9. The system of claim 8 , wherein the source operand is a 256-bit operand, and wherein each of the first lane of the source operand and the second lane of the source operand is a 128-bit lane.

10. The system of claim 9 , wherein each of the first plurality of data elements is a 32-bit data element and each of the second plurality of data elements is a 32-bit data element.

11. The system of claim 8 , wherein the immediate operand is an 8-bit operand.

12. The system of claim 11 , wherein the first plurality of control bits, the second plurality of control bits, the third plurality of control bits, and the fourth plurality of control bits each consist of 2 bits.

13. The system of claim 8 , wherein the destination operand is a 256-bit operand, and wherein each of the first lane of the destination operand and the second lane of the destination operand is a 128-bit lane.

14. The system of claim 8 , wherein the first lane of the source operand occupies one half of the source operand and the second lane of the source operand occupies another half of the source operand.

15. A system comprising: a memory; and a processor coupled with the memory, the processor including: a decode unit including circuitry to decode a single instruction specifying a source operand, a destination operand, and an immediate operand, wherein the source operand and the destination operand each have a first lane and a second lane, wherein the first lane of the source operand is to store a first plurality of data elements, wherein the second lane of the source operand is to store a second plurality of data elements, and wherein the immediate operand is to specify a first plurality of control bits, a second plurality of control bits, a third plurality of control bits, and a fourth plurality of control bits; and an execution unit coupled with the decode unit, the execution unit to perform the single instruction and to use the first, second, third, and fourth pluralities of control bits for both the first and second lanes of the source operand, the execution unit to: copy one of the first plurality of data elements specified by the first plurality of control bits to a first data element position of the first lane of the destination operand, copy one of the first plurality of data elements specified by the second plurality of control bits to a second data element position of the first lane of the destination operand, copy one of the first plurality of data elements specified by the third plurality of control bits to a third data element position of the first lane of the destination operand, and copy one of the first plurality of data elements specified by the fourth plurality of control bits to a fourth data element position of the first lane of the destination operand; and copy one of the second plurality of data elements specified by the first plurality of control bits to a first data element position of the second lane of the destination operand, copy one of the second plurality of data elements specified by the second plurality of control bits to a second data element position of the second lane of the destination operand, copy one of the second plurality of data elements specified by the third plurality of control bits to a third data element position of the second lane of the destination operand, and copy one of the second plurality of data elements specified by the fourth plurality of control bits to a fourth data element position of the second lane of the destination operand.

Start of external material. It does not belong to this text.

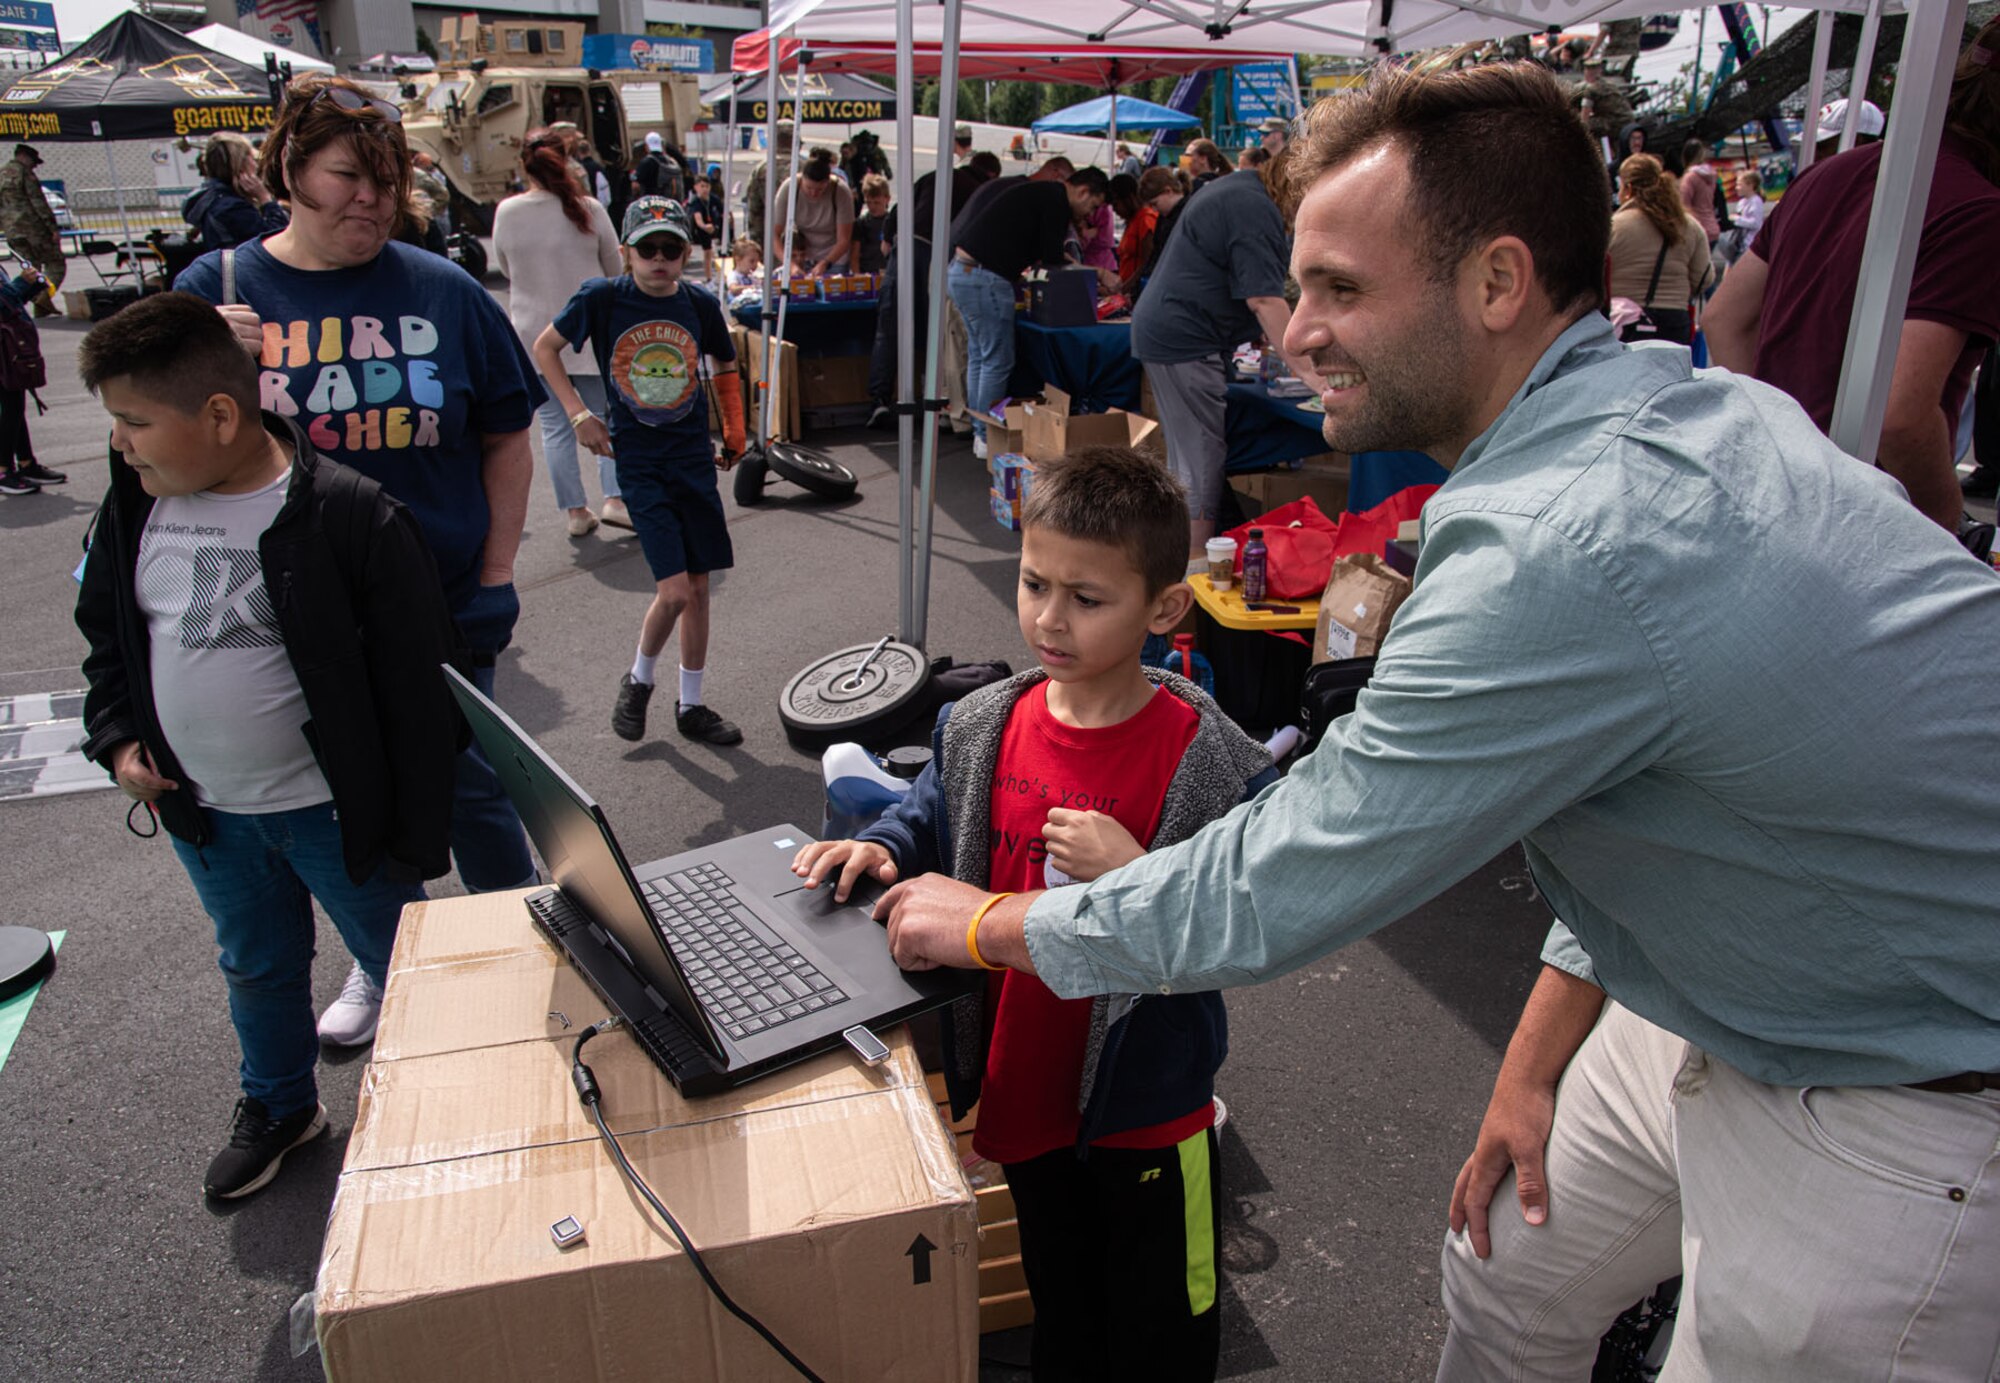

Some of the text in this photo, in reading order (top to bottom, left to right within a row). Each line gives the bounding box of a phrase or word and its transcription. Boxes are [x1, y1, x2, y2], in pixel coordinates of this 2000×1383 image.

16. The system of claim 15 , wherein the source operand is a 256-bit operand, and wherein each of the first lane of the source operand and the second lane of the source operand is a 128-bit lane.

17. The system of claim 16 , wherein each of the first plurality of data elements is a 32-bit data element and each of the second plurality of data elements is a 32-bit data element.

18. The system of claim 15 , wherein the immediate operand is an 8-bit operand.

19. The system of claim 18 , wherein the first plurality of control bits, the second plurality of control bits, the third plurality of control bits, and the fourth plurality of control bits each consist of 2 bits.

20. The system of claim 15 , wherein the destination operand is a 256-bit operand, and wherein each of the first lane of the destination operand and the second lane of the destination operand is a 128-bit lane.

21. The system of claim 15 , wherein the first lane of the source operand occupies one half of the source operand and the second lane of the source operand occupies another half of the source operand.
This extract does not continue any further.